Hasta el hartazgo se ha dicho a nivel nacional que Cristina Fernández tiene un gran problema para gobernar: su marido, el ex presidente Néstor, quien le quita casi todo el liderazgo.

Pues bien, en el caso del mendocino, se nota que el mandatario también está muy condicionado por su familia. El agravante es que Ricardo Landete es funcionario (Néstor K teje desde afuera del Gobierno), más específicamente subsecretario de Planificación del Ministerio de Salud.

Nadie puede saber hasta donde llegan realmente los condicionamientos que le impone a Jaque un funcionario de segunda línea, cuyo poder es mayor al que representa su cargo: "ejerce" de cuñado del gobernador. Pero basta para graficar que el mandatario llegó a romper una silla de su despacho por culpa de su pariente, cuando lo más sencillo habría sido remplazarlo, ya que no es una pieza fundamental de la cartera sanitaria.

Por culpa de Landete, hermano de su mujer Liliana, el Ministerio de Salud vive una verdadera parálisis.
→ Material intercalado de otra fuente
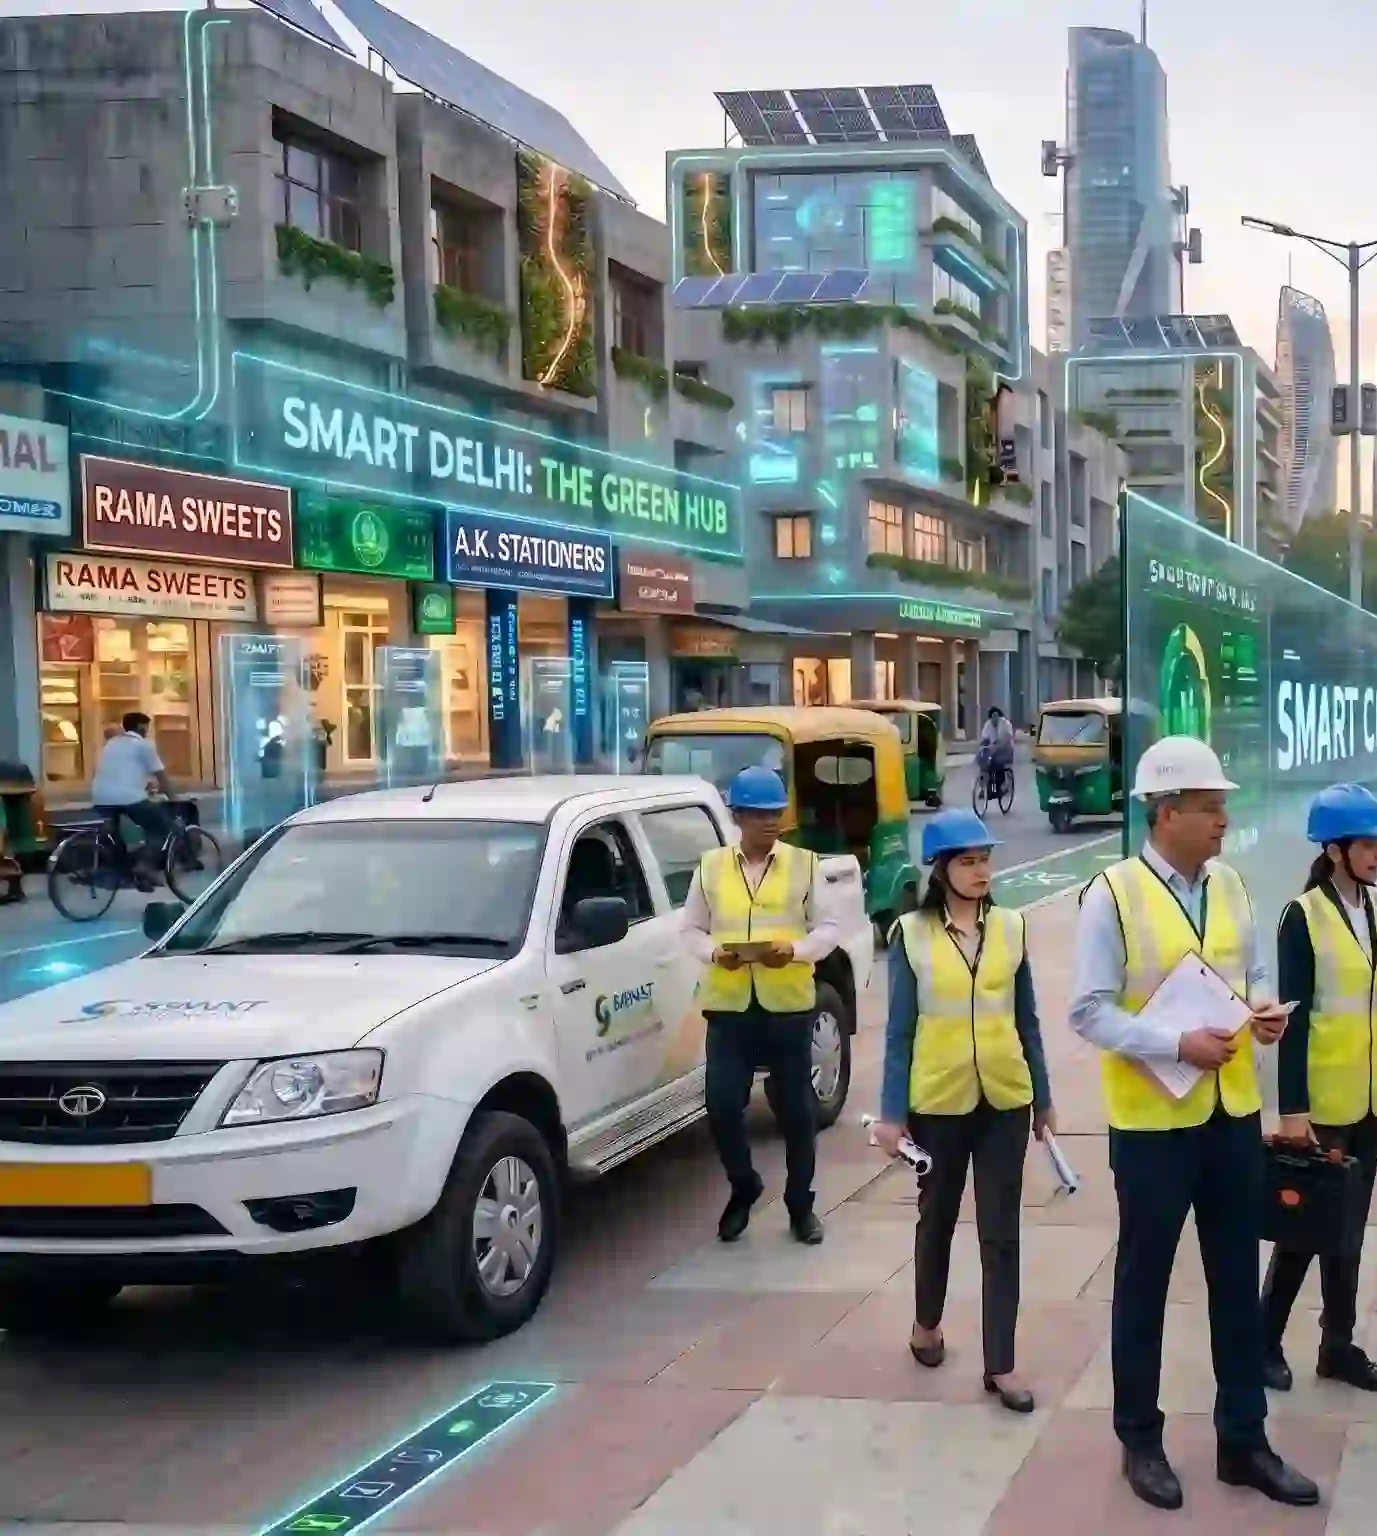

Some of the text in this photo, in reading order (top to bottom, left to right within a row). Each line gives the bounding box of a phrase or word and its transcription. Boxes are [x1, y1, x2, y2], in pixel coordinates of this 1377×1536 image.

[283, 397, 728, 534] SMART DELHI: THE GREEN HUB
[95, 485, 282, 542] RAMA SWEETS
[454, 526, 494, 559] A.K.
[498, 533, 605, 573] STATIONERS
[56, 560, 139, 592] RAMA
[147, 568, 247, 600] SWEETS
[1277, 680, 1359, 771] SMART
Es que a la eterna interna con el ministro Sergio Saracco (una situación apenas disimulada, que empezó desde el primer día de la gestión), desde hace 48 horas se ha sumado que todos hablan allí del tomate triturado trucho que el funcionario vendió en Neuquén. Y eso les quita atención a problemas como la falta de camas en los hospitales y las necesarias campañas de prevención ante males que pueden venir, como el dengue.

La única respuesta de Jaque ante esta situación ha sido la apertura de un sumario sobre Landete, que parece una salida elegante, antes que una muestra de autoridad y transparencia. Y que podría demorar un mes más -hasta que exista alguna conclusión de dicho sumario- la parálisis del sistema sanitario.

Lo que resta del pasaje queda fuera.